Prisme N°6 May 2005
Claude Henry
This paper examines the relationship between innovation and intellectual property rights. Over the past 25 years, the traditional balance between patent legislation and knowledge as public good has started to shift in favour of the former. The global, uniform, but flawed approach to patenting systems, driven by the United States and reflected in the TRIPS agreement, will cause negative externalities for developing countries. The paper suggests that these effects might be mitigated through appropriate instruments and prudent transposition of the TRIPS agreement into national legislations.
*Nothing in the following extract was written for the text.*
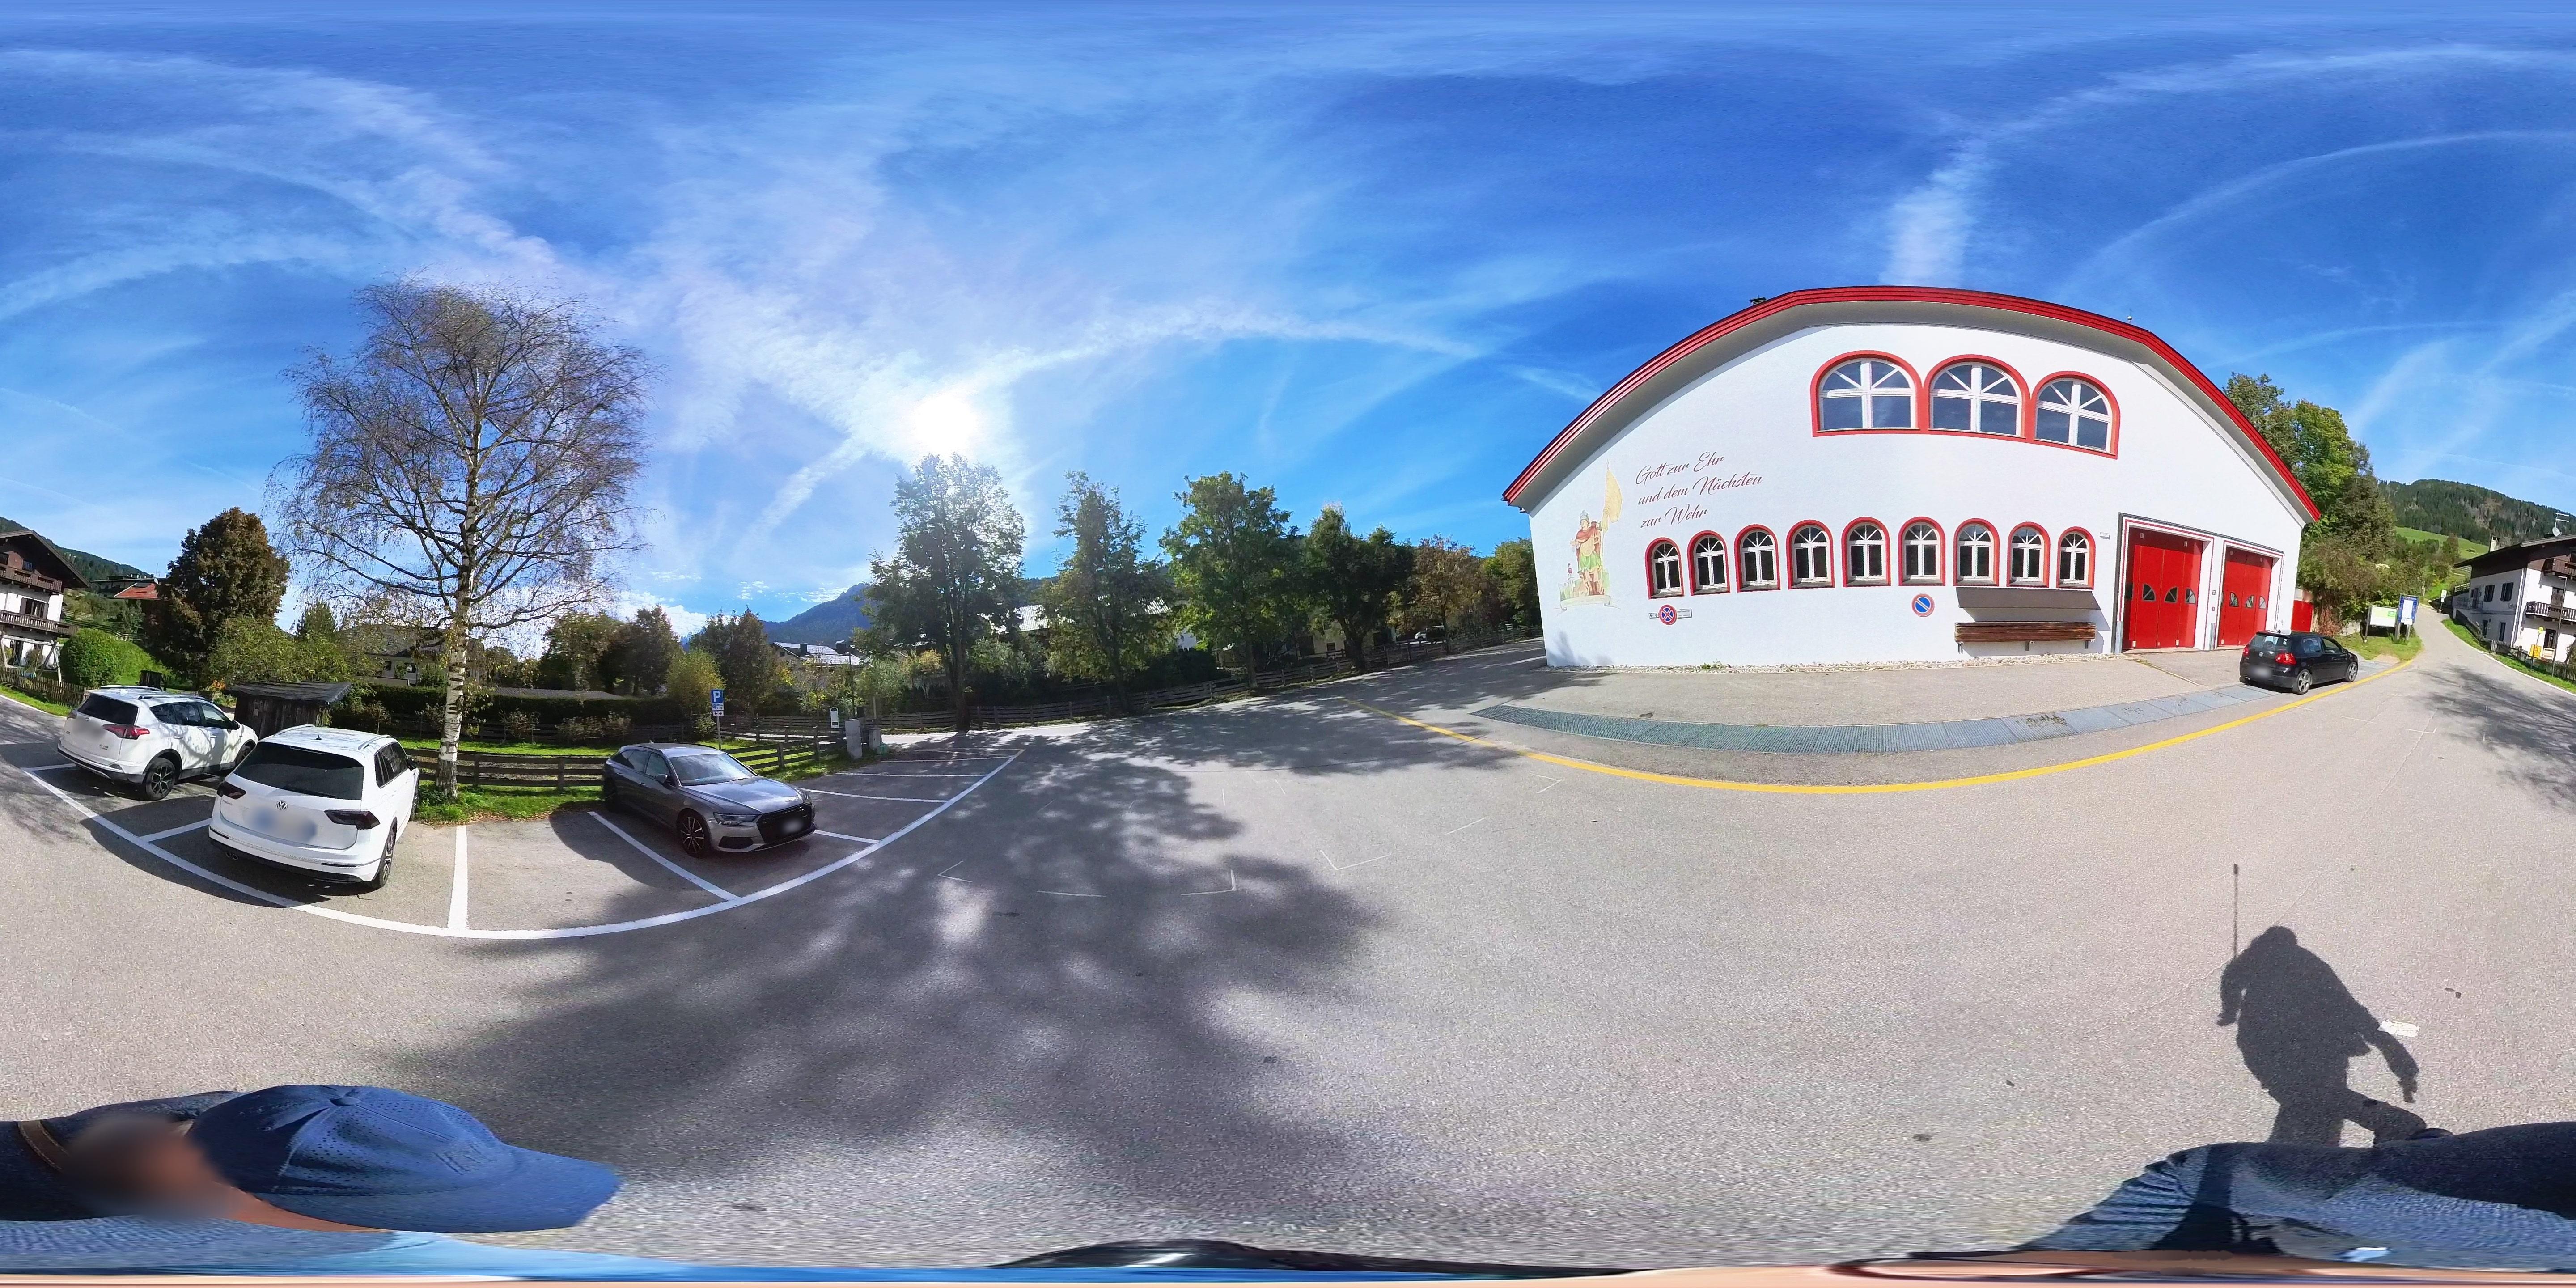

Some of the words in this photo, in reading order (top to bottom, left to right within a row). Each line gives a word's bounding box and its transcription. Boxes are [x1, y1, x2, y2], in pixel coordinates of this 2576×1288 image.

It argues that the legal and economic foundations that have underpinned traditional intellectual property rights remain valid. Recent trends in approaches to intellectual property rights, including patent proliferation and geographical spread, are critically examined against the background of US-sponsored linkage of patent protection with free trade agreements. Examples from the life sciences and biotechnology illustrate the problems of unwarranted patents and excessive patent breadth, reinforcing doubts about the current uniformization of intellectual property rights protection, and highlighting the risk to innovation and development policy. In the final section, the paper explains how two developing countries have invoked the remedial measures embedded in the TRIPS agreement. These mechanisms include interpretative freedom, opposition procedures and compulsory licences. The paper concludes that from a Schumpeterian viewpoint, “open source” makes the main factors governing innovation more compatible than patent-based protection.